Online Journal of Health & Allied Sciences (Jun 2021)
The Long-Term Clinical Outcomes in Patients after Myocardial Infarction in Primary Care
Abstract
The aim of this study was to investigate the effect of continuous multifaceted patient-centered interventions at primary care level in patients with myocardial infarction (MI) after discharge on achieving clinical practice guideline goals and reducing the rate of hospital readmissions for cardiovascular diseases. Methods: This prospective randomized clinical study was conducted enrolled patients with MI from January 2, 2017 to December 31, 2019. Patients received medication reconciliation and education from a family physician before hospital discharge. The intervention group (IG) received continuous consultations from the family physician after discharge, whereas the control group (CG) did not.
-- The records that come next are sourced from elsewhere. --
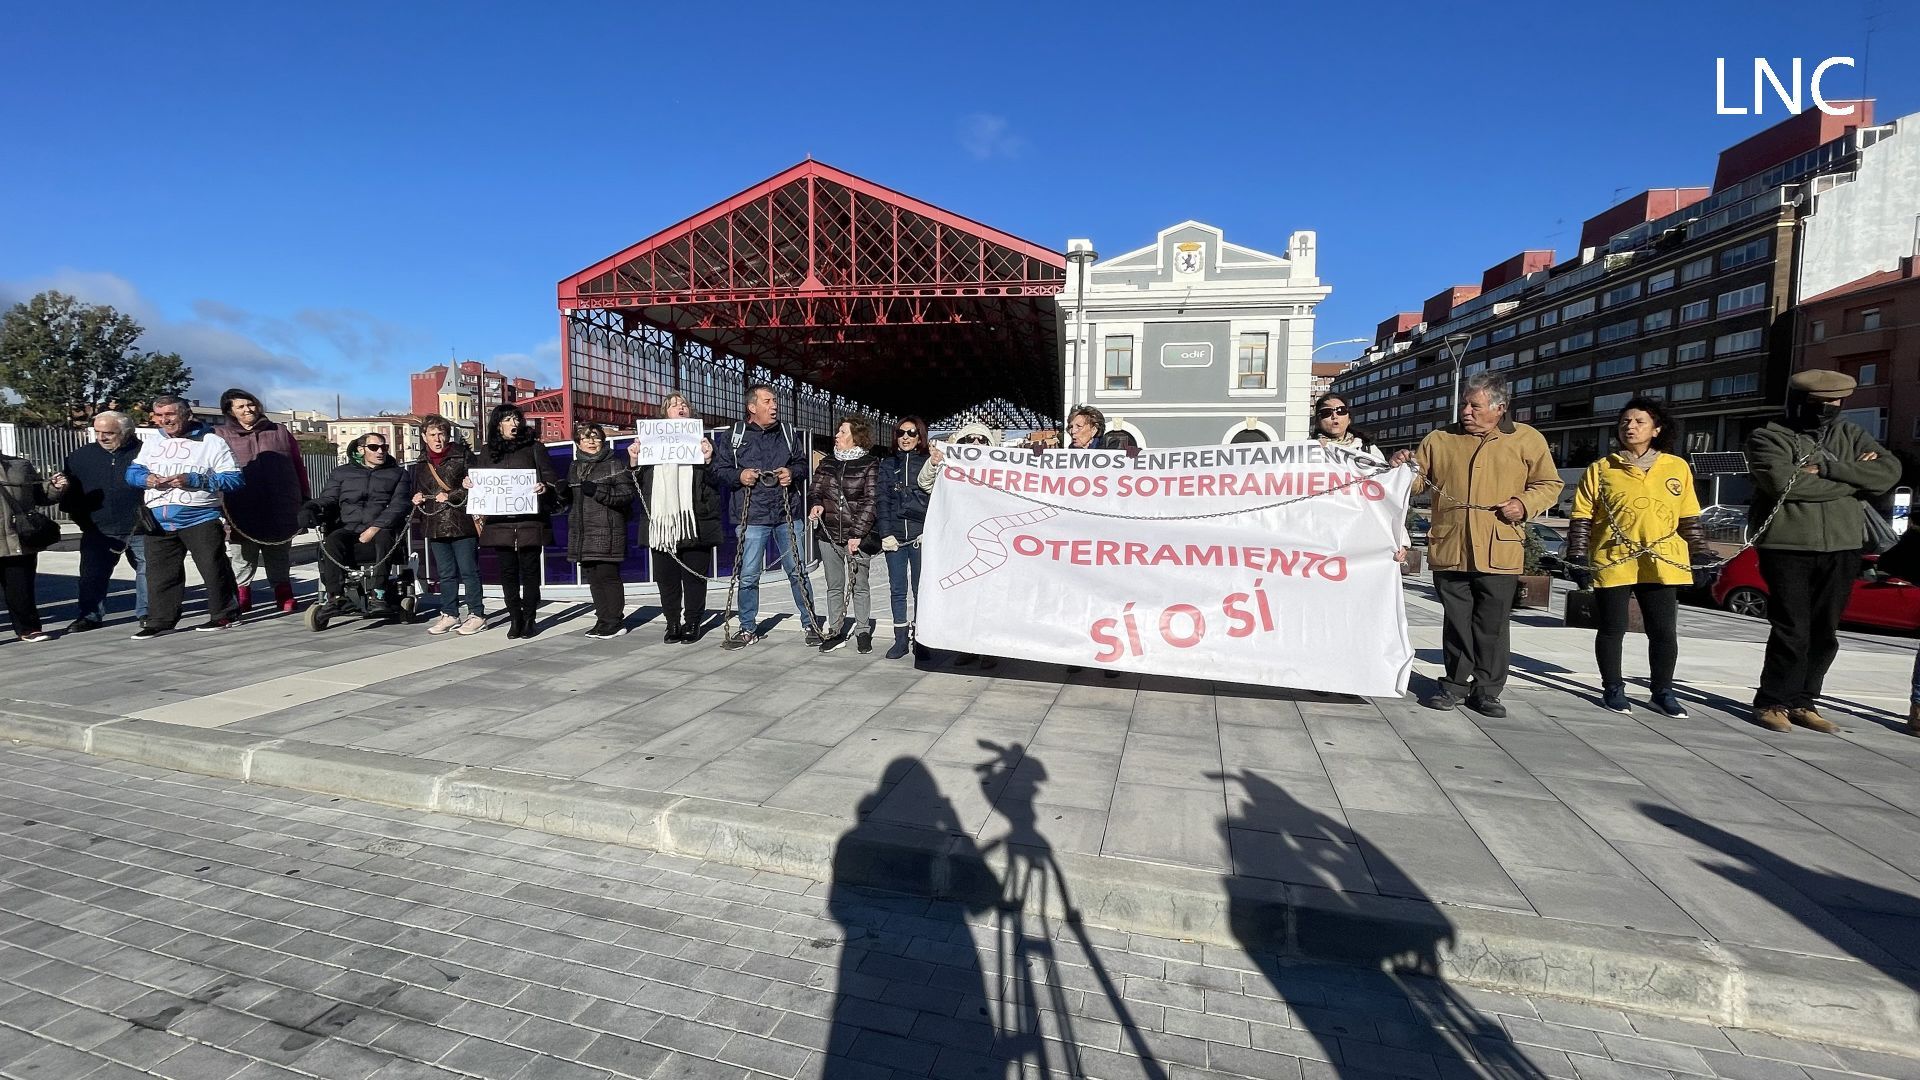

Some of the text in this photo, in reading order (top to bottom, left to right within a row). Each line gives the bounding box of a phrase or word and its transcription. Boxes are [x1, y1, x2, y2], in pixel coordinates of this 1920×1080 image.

[1180, 350, 1206, 359] adif
[639, 420, 702, 436] PUIGDEMONT
[657, 435, 680, 444] PIDE
[150, 440, 191, 460] SOS
[660, 443, 697, 460] LEÓN
[946, 445, 982, 461] NO
[989, 449, 1126, 470] QUEREMOS
[470, 471, 536, 486] PUIGDEMONT
[944, 465, 1108, 497] QUEREMOS
[484, 486, 513, 495] PIDE
[495, 492, 534, 513] LEÓN
[1012, 534, 1348, 582] OTERRAMIENTO
[1090, 578, 1274, 663] SÍ O SÍ
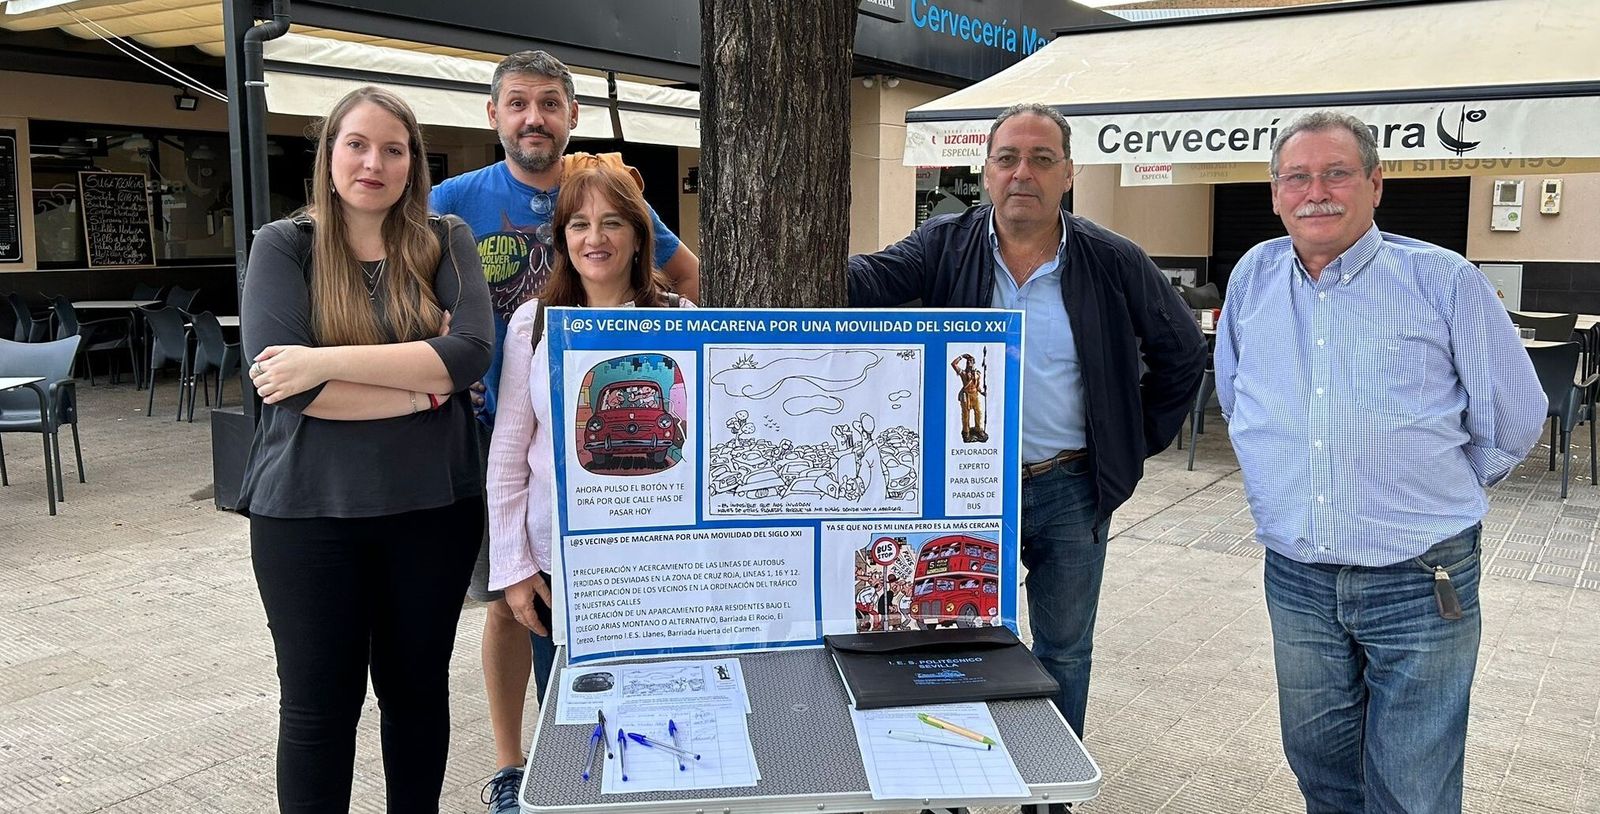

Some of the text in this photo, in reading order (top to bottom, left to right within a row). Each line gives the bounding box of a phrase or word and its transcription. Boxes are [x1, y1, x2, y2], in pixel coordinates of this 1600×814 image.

[911, 0, 1050, 56] Cervecería Ma
[932, 134, 991, 145] Cuzcamp
[1098, 118, 1425, 153] Cervecerí ra
[942, 148, 980, 157] ESPECIAL
[1134, 164, 1172, 173] Cruzcamp
[477, 235, 518, 257] MEJOR
[481, 255, 510, 264] VOLVER
[482, 261, 520, 282] MPRANO
[564, 319, 1006, 332] L@S VECIN@S DE MACARENA POR UNA MOVILIDAD DEL SIGLO XXI
[576, 486, 602, 494] AHORA
[604, 485, 629, 493] PULSO
[630, 484, 639, 492] EL
[641, 482, 668, 491] BOTÓN
[577, 496, 594, 506] DIRÁ
[597, 497, 613, 505] POR
[614, 496, 631, 505] QUE
[633, 496, 654, 504] CALLE
[609, 507, 652, 516] PASAR HOY
[585, 536, 619, 546] VECIN@S
[632, 534, 674, 542] MACARENA
[676, 533, 691, 541] POR
[711, 531, 752, 539] MOVILIDAD
[768, 530, 789, 538] SIGLO
[877, 543, 893, 554] BUS
[877, 552, 893, 560] STOP
[580, 565, 631, 576] RECUPERACIÓN
[639, 562, 693, 572] ACERCAMIENTO
[706, 561, 718, 569] LAS
[719, 560, 742, 568] LINEAS
[573, 579, 603, 588] PERDIDAS
[611, 576, 650, 585] DESVIADAS
[672, 573, 691, 581] ZONA
[723, 571, 742, 579] ROJA,
[743, 570, 766, 578] LINEAS
[580, 588, 631, 598] PARTICIPACIÓN
[643, 586, 656, 594] LOS
[658, 585, 688, 593] VECINOS
[689, 584, 699, 592] EN
[710, 581, 755, 591] ORDENACIÓN
[769, 579, 798, 587] TRÁFICO
[582, 600, 616, 610] NUESTRAS
[616, 598, 641, 607] CALLES
[581, 613, 589, 621] LA
[589, 610, 624, 620] CREACIÓN
[625, 609, 634, 617] DE
[648, 606, 704, 615] APARCAMIENTO
[705, 605, 723, 613] PARA
[725, 602, 765, 611] RESIDENTES
[576, 623, 600, 633] COLEGIO
[600, 621, 621, 630] ARIAS
[622, 619, 660, 628] MONTANO
[661, 618, 667, 626] O
[668, 616, 718, 626] ALTERNATIVO,
[720, 613, 747, 623] Barriada
[777, 612, 784, 620] El
[596, 633, 623, 642] Entorno
[642, 630, 666, 639] Llanes,
[667, 629, 696, 637] Barriada
[698, 627, 721, 635] Huerta
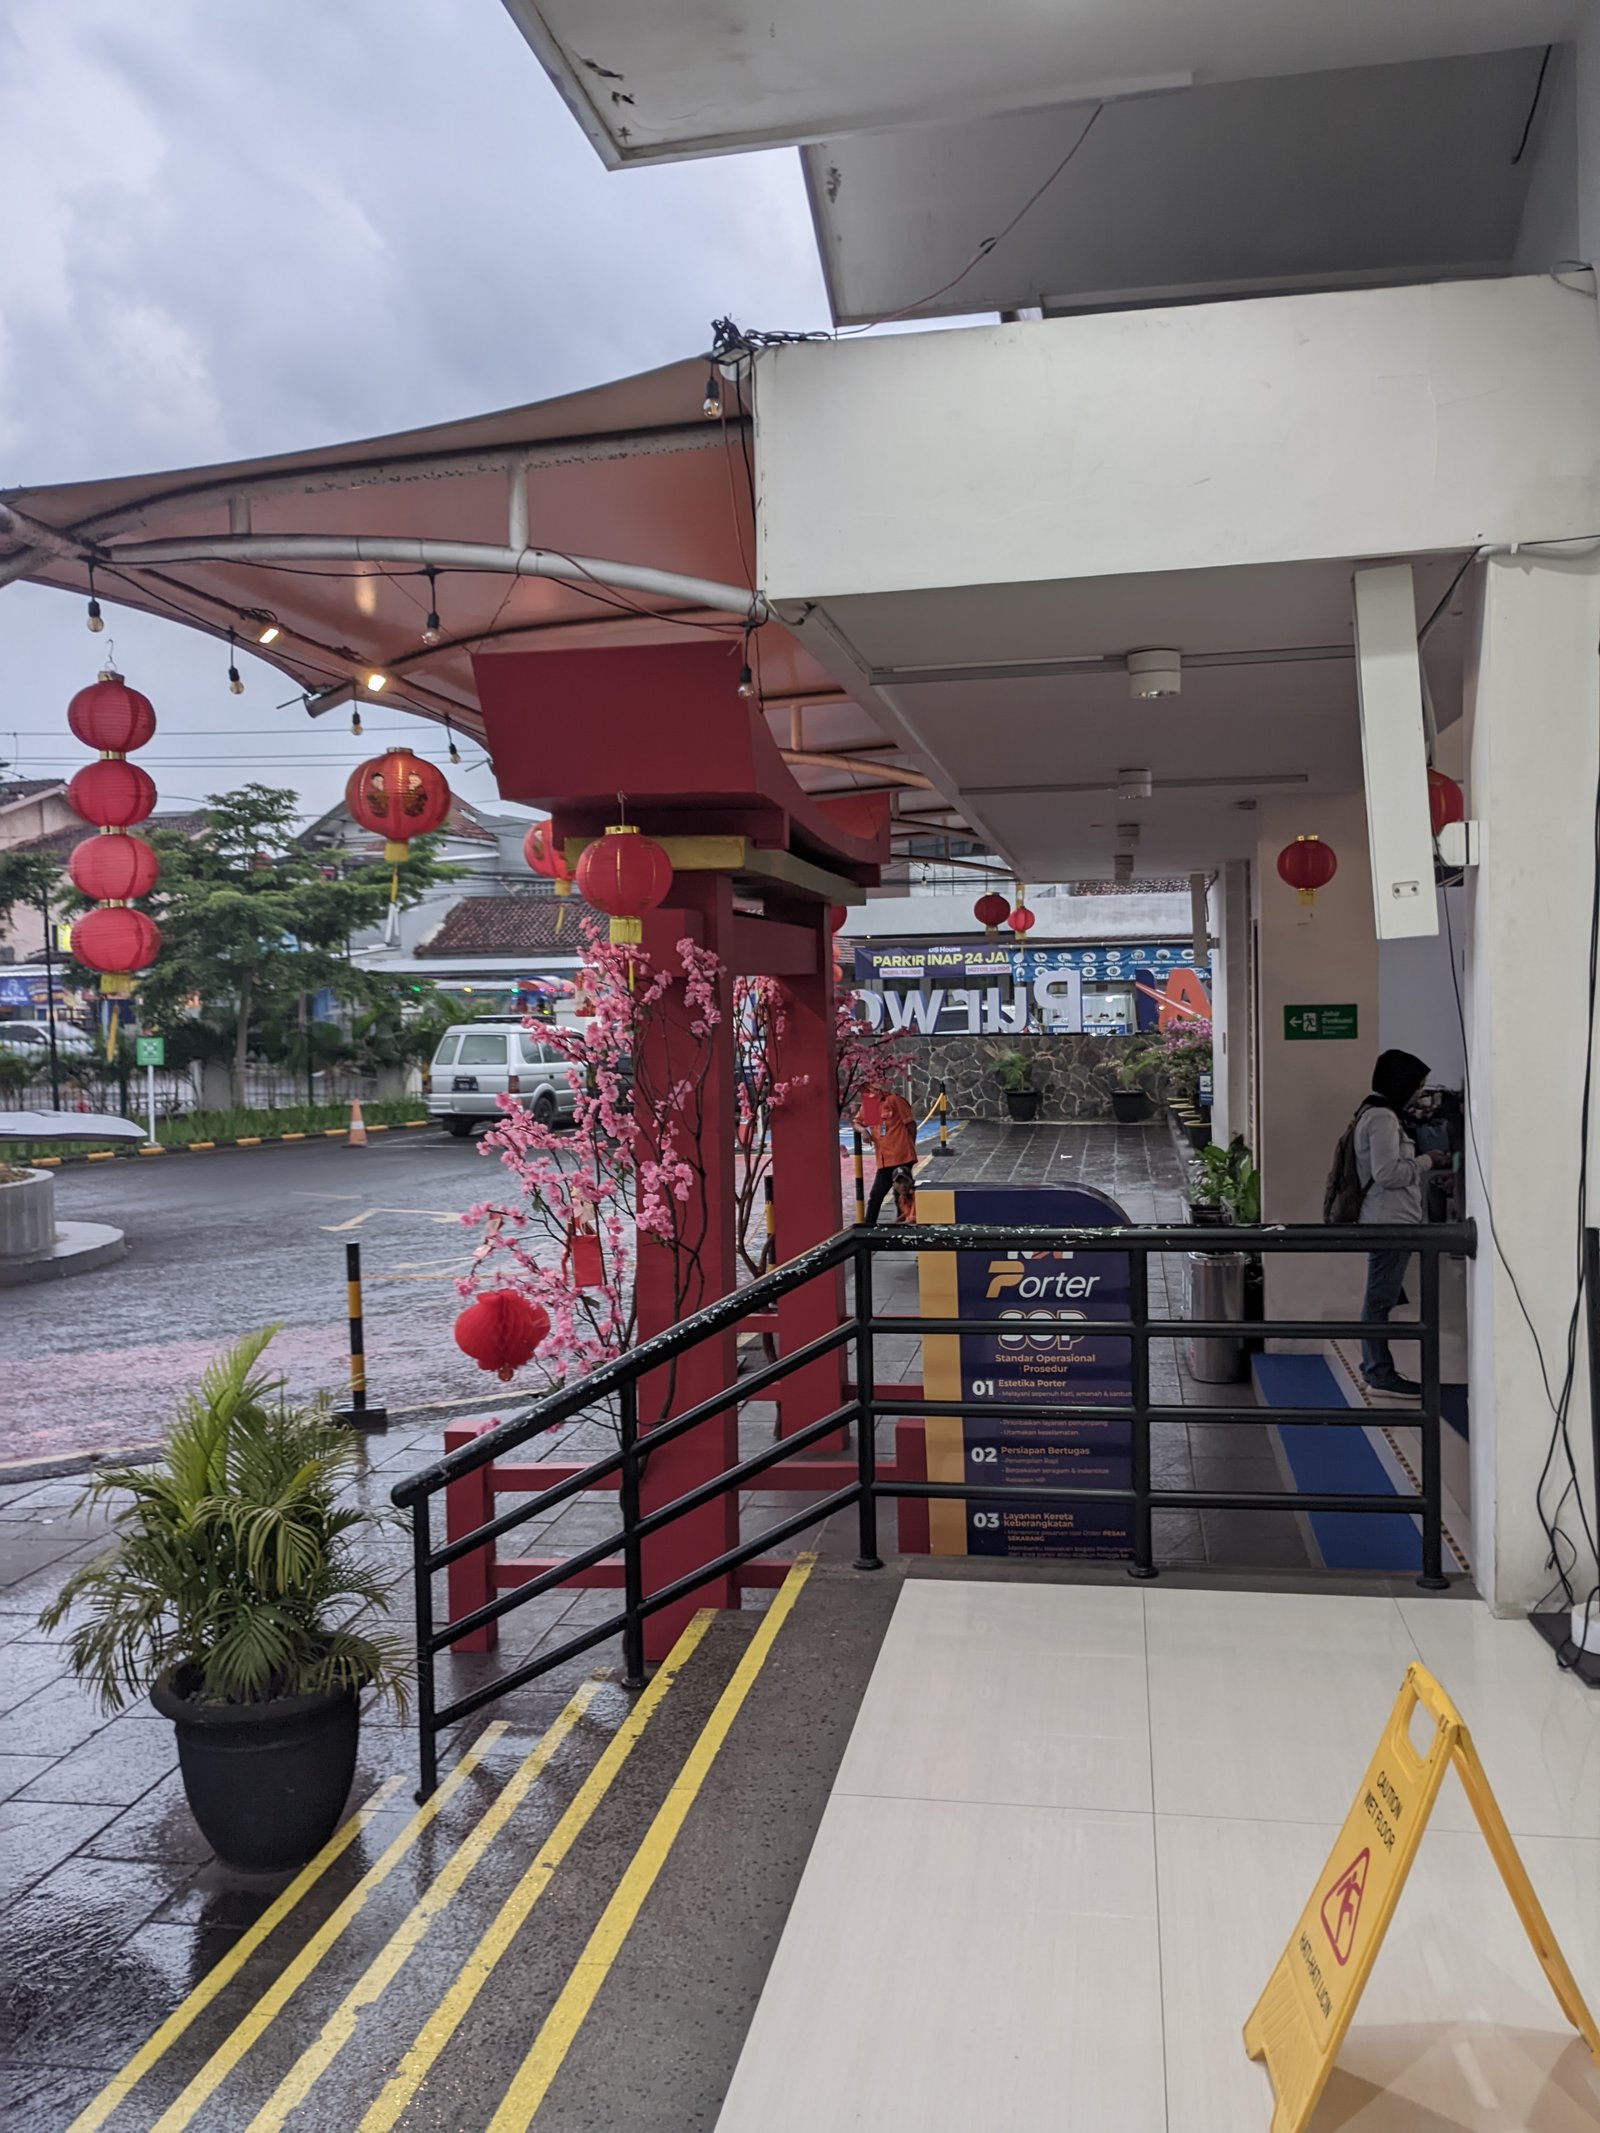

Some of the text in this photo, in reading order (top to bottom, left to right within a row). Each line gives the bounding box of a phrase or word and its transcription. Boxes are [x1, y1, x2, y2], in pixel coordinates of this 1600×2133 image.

[873, 955, 925, 967] PARKIR
[928, 953, 963, 966] INAP
[965, 952, 983, 964] 24
[985, 1260, 1101, 1298] Porter
[995, 1354, 1096, 1365] Standar Operasional
[1023, 1364, 1068, 1374] Prosedur
[972, 1380, 994, 1396] 01
[998, 1380, 1067, 1388] Estetika Porter
[971, 1447, 997, 1463] 02
[1001, 1447, 1090, 1456] Persiapan Bertugas
[973, 1512, 1000, 1528] 03
[1003, 1512, 1074, 1521] Layanan Kereta
[1003, 1520, 1074, 1528] Keberangkatan
[1377, 1771, 1403, 1821] CAUTION
[1364, 1789, 1396, 1854] WET FLOOR
[1299, 1930, 1322, 1990] HATI-HATI
Primary outcomes included achieving blood pressure < 140/90 mmHg, low-density lipoprotein-cholesterol (LDL-C) < 70 mg/dL, and hemoglobin A1c (HbA1c) < 7% targets. The secondary outcome was major adverse cardiac events (MACEs), defined as re-hospitalization due to MI, unstable angina and stroke. Results: Two hundred and nineteen patients completed the study protocol (110 in the IG and 109 in the CG). The rate of achieving blood pressure goal was similar between the two groups. More patients in the IG achieved LDL-C and HbA1c goals than those in the CG at 1 year and 2 years post discharge. However, there was no significant difference in the cumulative incidence of MACEs between the two groups. Diabetes was the only independent predictor of rehospitalization due to a MACE. Conclusions: Family physicians interventions led to a higher rate of optimal controlled modifiable risk factors but did not significantly reduce the MACE rate in the patients with MI.